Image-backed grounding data
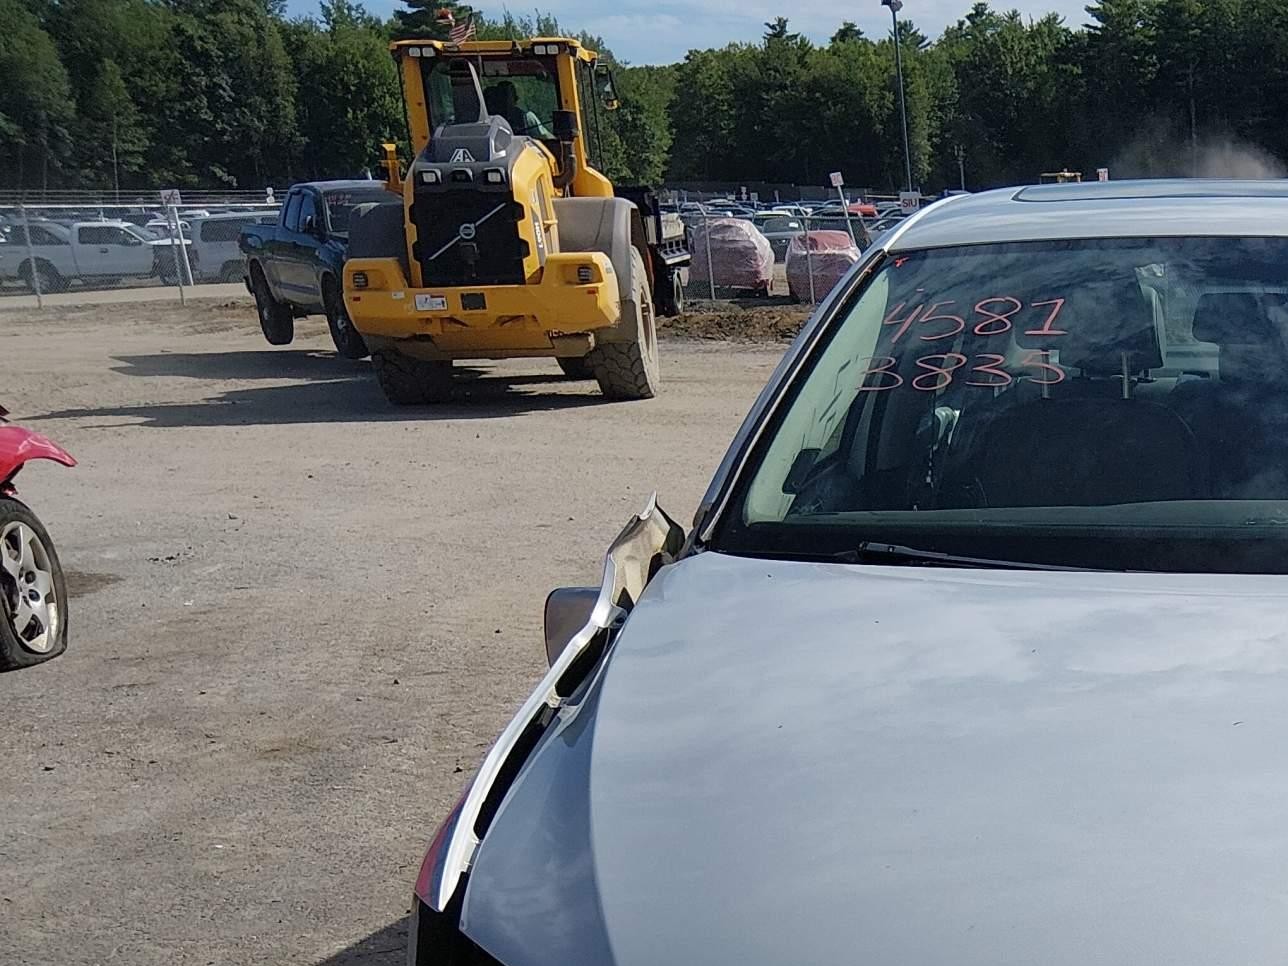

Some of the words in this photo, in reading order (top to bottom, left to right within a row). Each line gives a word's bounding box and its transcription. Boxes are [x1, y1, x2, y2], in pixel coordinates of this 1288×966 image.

[902, 198, 917, 208] SIU
[884, 296, 1067, 343] 4581
[856, 351, 1066, 391] 3835
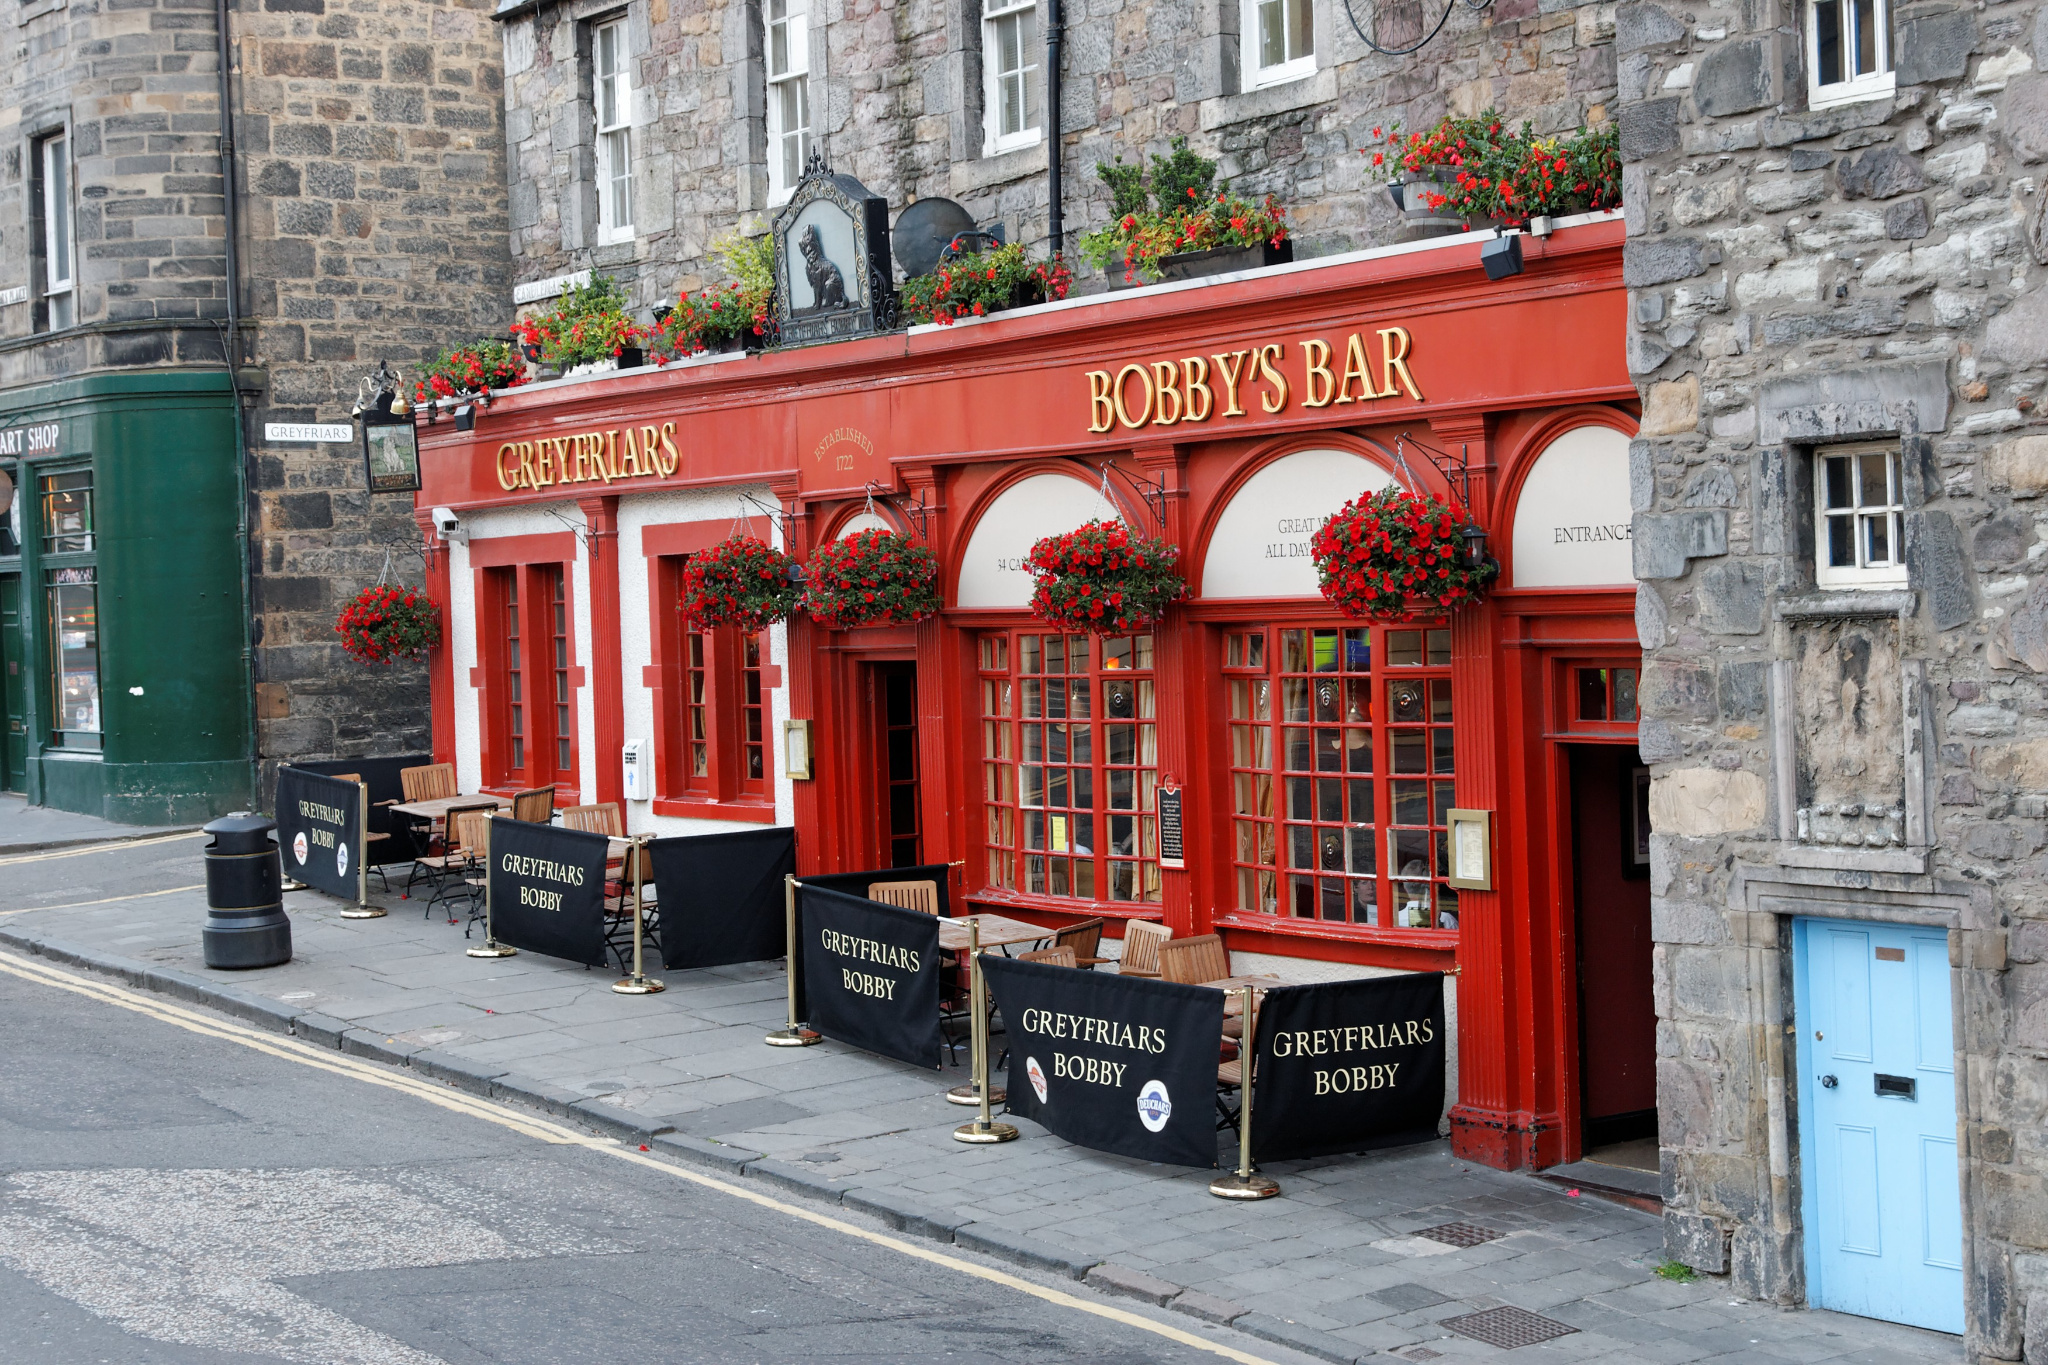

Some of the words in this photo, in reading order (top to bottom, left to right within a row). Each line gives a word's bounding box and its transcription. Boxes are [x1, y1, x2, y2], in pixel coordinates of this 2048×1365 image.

[1084, 343, 1288, 433] BOBBY'S
[1299, 326, 1424, 408] BAR
[28, 424, 59, 451] SHOP
[270, 426, 348, 439] GREYFRIARS
[814, 427, 874, 463] ESTABLISHED
[496, 421, 680, 492] GREYFRIARS
[836, 454, 854, 472] 1722
[1278, 517, 1316, 534] GREAT
[1554, 523, 1633, 544] ENTRANCE
[1265, 542, 1286, 559] ALL
[1289, 542, 1311, 557] DAY
[299, 799, 345, 826] GREYFRIARS
[311, 827, 335, 850] BOBBY
[502, 853, 584, 887] GREYFRIARS
[520, 886, 563, 912] BOBBY
[821, 928, 920, 973] GREYFRIARS
[842, 968, 896, 1000] BOBBY
[1022, 1008, 1166, 1055] GREYFRIARS
[1273, 1018, 1434, 1058] GREYFRIARS
[1053, 1052, 1127, 1088] BOBBY
[1314, 1063, 1400, 1096] BOBBY
[1139, 1099, 1169, 1114] DEUCHARS

● **YOUR INSTRUCTIONS**
Line by line, write out the entries exactly, and leave the pictures out.

● **WRITTEN SOLUTION**
Some of the words in this photo, in reading order (top to bottom, left to right within a row). Each line gives a word's bounding box and its transcription. Boxes are [x1, y1, x2, y2], in pixel coordinates of this 1288×966 image.

[902, 198, 917, 208] SIU
[884, 296, 1067, 343] 4581
[856, 351, 1066, 391] 3835

Some of the words in this photo, in reading order (top to bottom, left to right within a row). Each line gives a word's bounding box and its transcription. Boxes are [x1, y1, x2, y2], in pixel coordinates of this 2048×1365 image.

[1084, 343, 1288, 433] BOBBY'S
[1299, 326, 1424, 408] BAR
[28, 424, 59, 451] SHOP
[270, 426, 348, 439] GREYFRIARS
[814, 427, 874, 463] ESTABLISHED
[496, 421, 680, 492] GREYFRIARS
[836, 454, 854, 472] 1722
[1278, 517, 1316, 534] GREAT
[1554, 523, 1633, 544] ENTRANCE
[1265, 542, 1286, 559] ALL
[1289, 542, 1311, 557] DAY
[299, 799, 345, 826] GREYFRIARS
[311, 827, 335, 850] BOBBY
[502, 853, 584, 887] GREYFRIARS
[520, 886, 563, 912] BOBBY
[821, 928, 920, 973] GREYFRIARS
[842, 968, 896, 1000] BOBBY
[1022, 1008, 1166, 1055] GREYFRIARS
[1273, 1018, 1434, 1058] GREYFRIARS
[1053, 1052, 1127, 1088] BOBBY
[1314, 1063, 1400, 1096] BOBBY
[1139, 1099, 1169, 1114] DEUCHARS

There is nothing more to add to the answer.